Anureet K. Bajaj, MD is a practicing plastic surgeon in Oklahoma City. She completed residency and fellowship in 2004, had a brief stint in academia at the University of Cincinnati, and then chose to join her father (Paramjit Bajaj MD, also a practicing plastic surgeon) in private practice in OKC, where she focuses on breast reconstruction and general cosmetic surgeries.

Devra B. Becker, MD, FACS, is an Assistant Professor of Plastic Surgery in the Department of Plastic Surgery at University Hospitals/Case Western Reserve University School of Medicine in Cleveland, Ohio. She completed Plastic Surgery residency at Washington University School of Medicine in St. Louis, and completed fellowships with Daniel Marchac and with Bahman Guyuron. She currently has a primarily reconstructive practice.

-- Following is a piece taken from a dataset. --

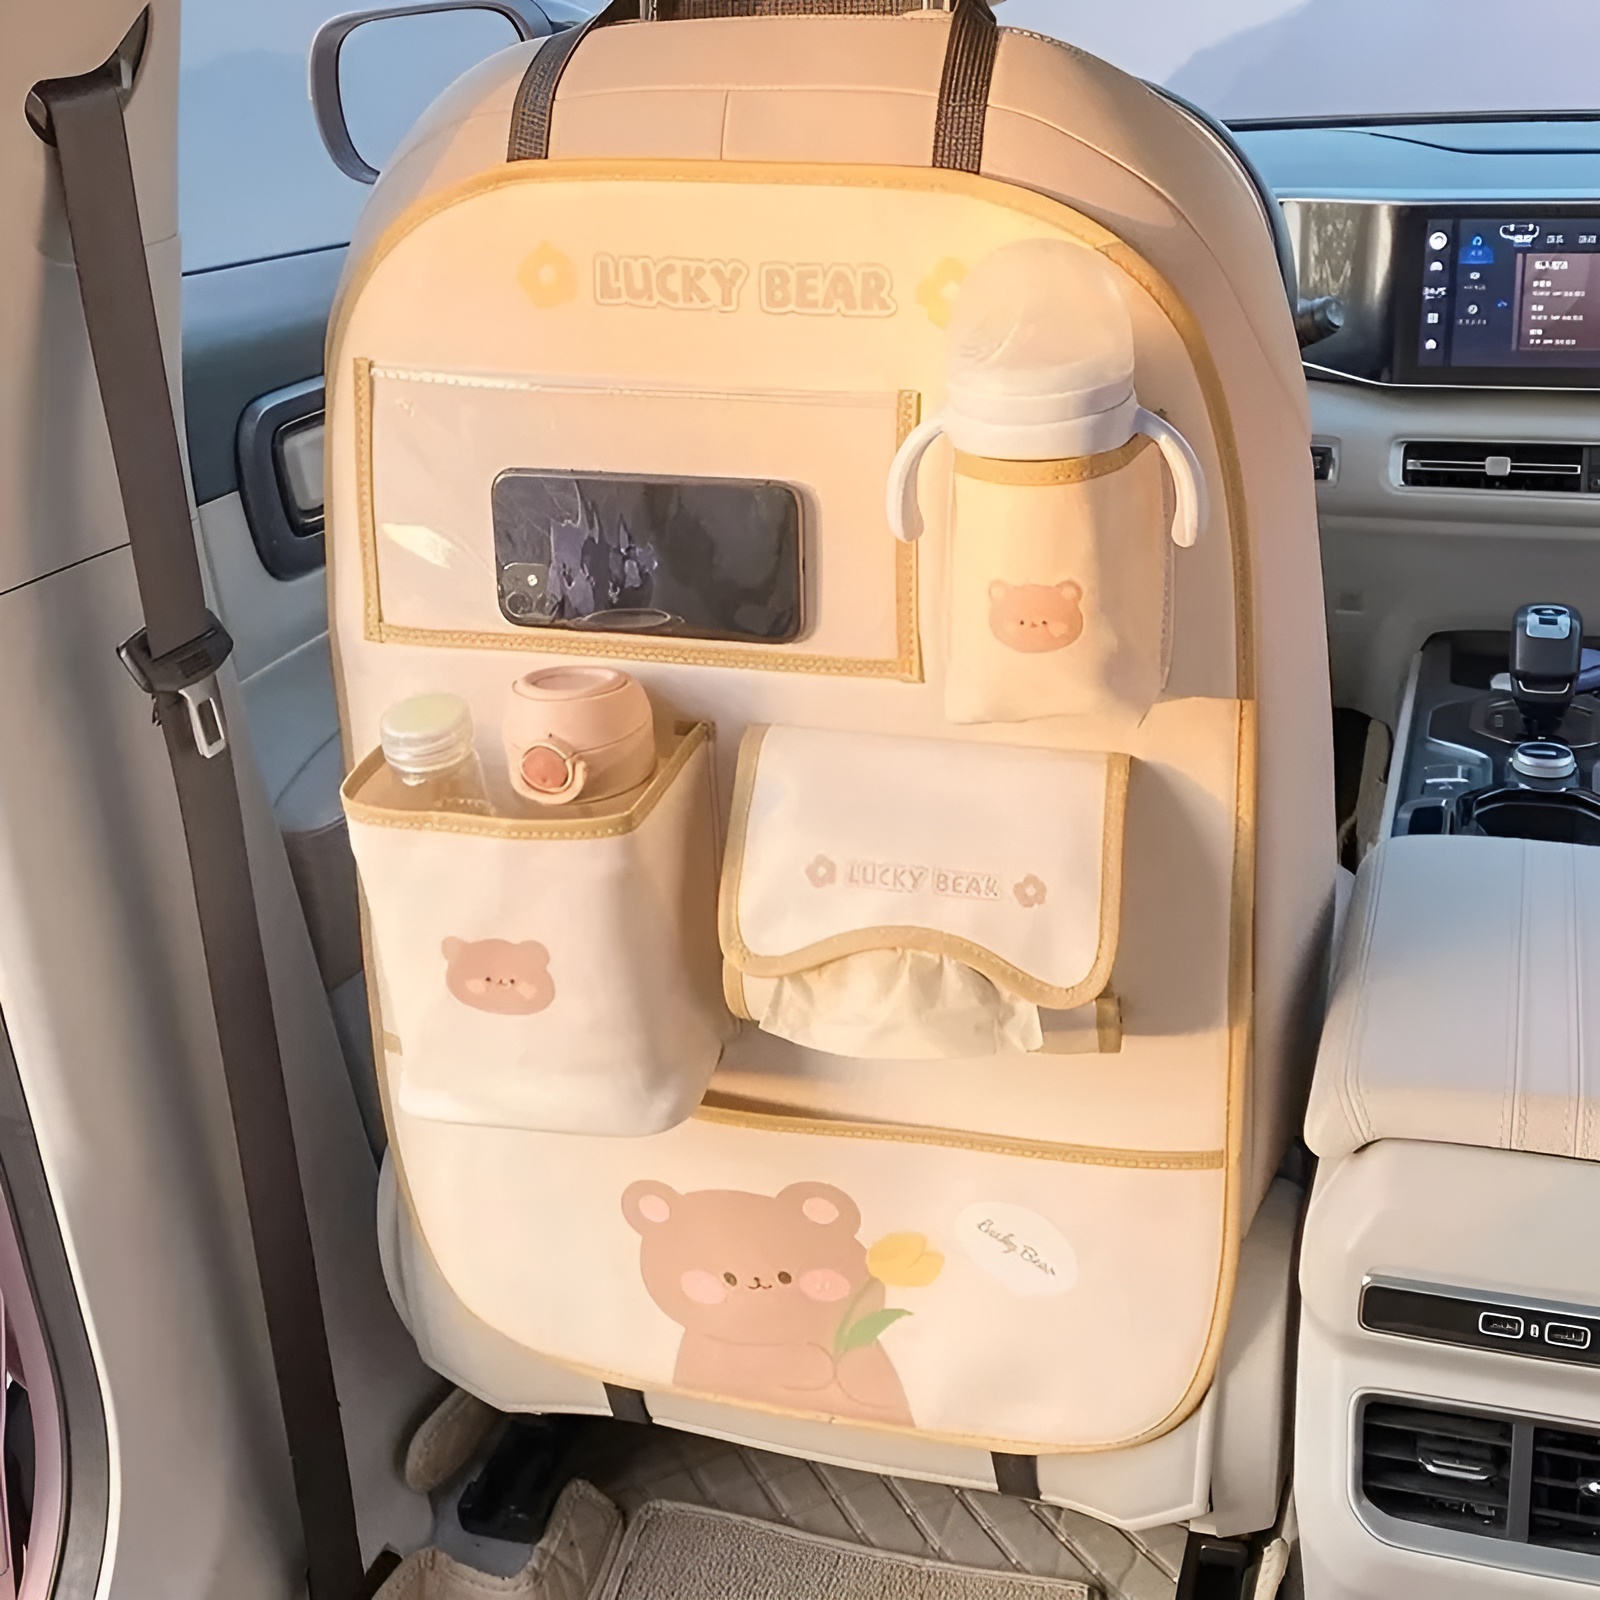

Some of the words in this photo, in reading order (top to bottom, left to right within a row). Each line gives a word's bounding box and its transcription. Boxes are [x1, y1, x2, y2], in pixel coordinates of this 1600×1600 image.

Henry C. Hsia, MD, FACS is at Robert Wood Johnson Medical School of Rutgers University in New Brunswick, New Jersey and also holds an appointment at Princeton University.  When he’s not working hard trying to be a good father and husband, he runs a practice focused on reconstructive surgery and wound care as well as a research lab focused on wound biology and regenerative medicine.

Stephanie K. Rowen, MD is a senior physician at The Permanente Medical Group in San Jose, California.  She joined TPMG upon finishing residency and a hand surgery fellowship in 2005.  She has a primarily reconstructive practice, about 50% hand surgery.  Outside of work she enjoys participating in triathlons and spending time with her family.

Jon Ver Halen, MD is currently an Assistant Professor in the Department of Plastic Surgeryat the University of Tennessee Health Science Center, in Memphis. He also acts as Program Director for the plastic surgery residency. His practice focuses on oncologic reconstruction.

Tech Talk Bloggers

Adrian Murphy is a plastic surgery trainee in London, England. He studied medicine in Dublin, Ireland and has trained in Ireland, Boston, MA and the United Kingdom. He is a self-confessed geek and gadget aficionado.

Ash Patel, MD is Assistant Professor of Plastic Surgery and Associate Program Director at Albany Medical College, in Albany NY. His practice is primarily reconstructive.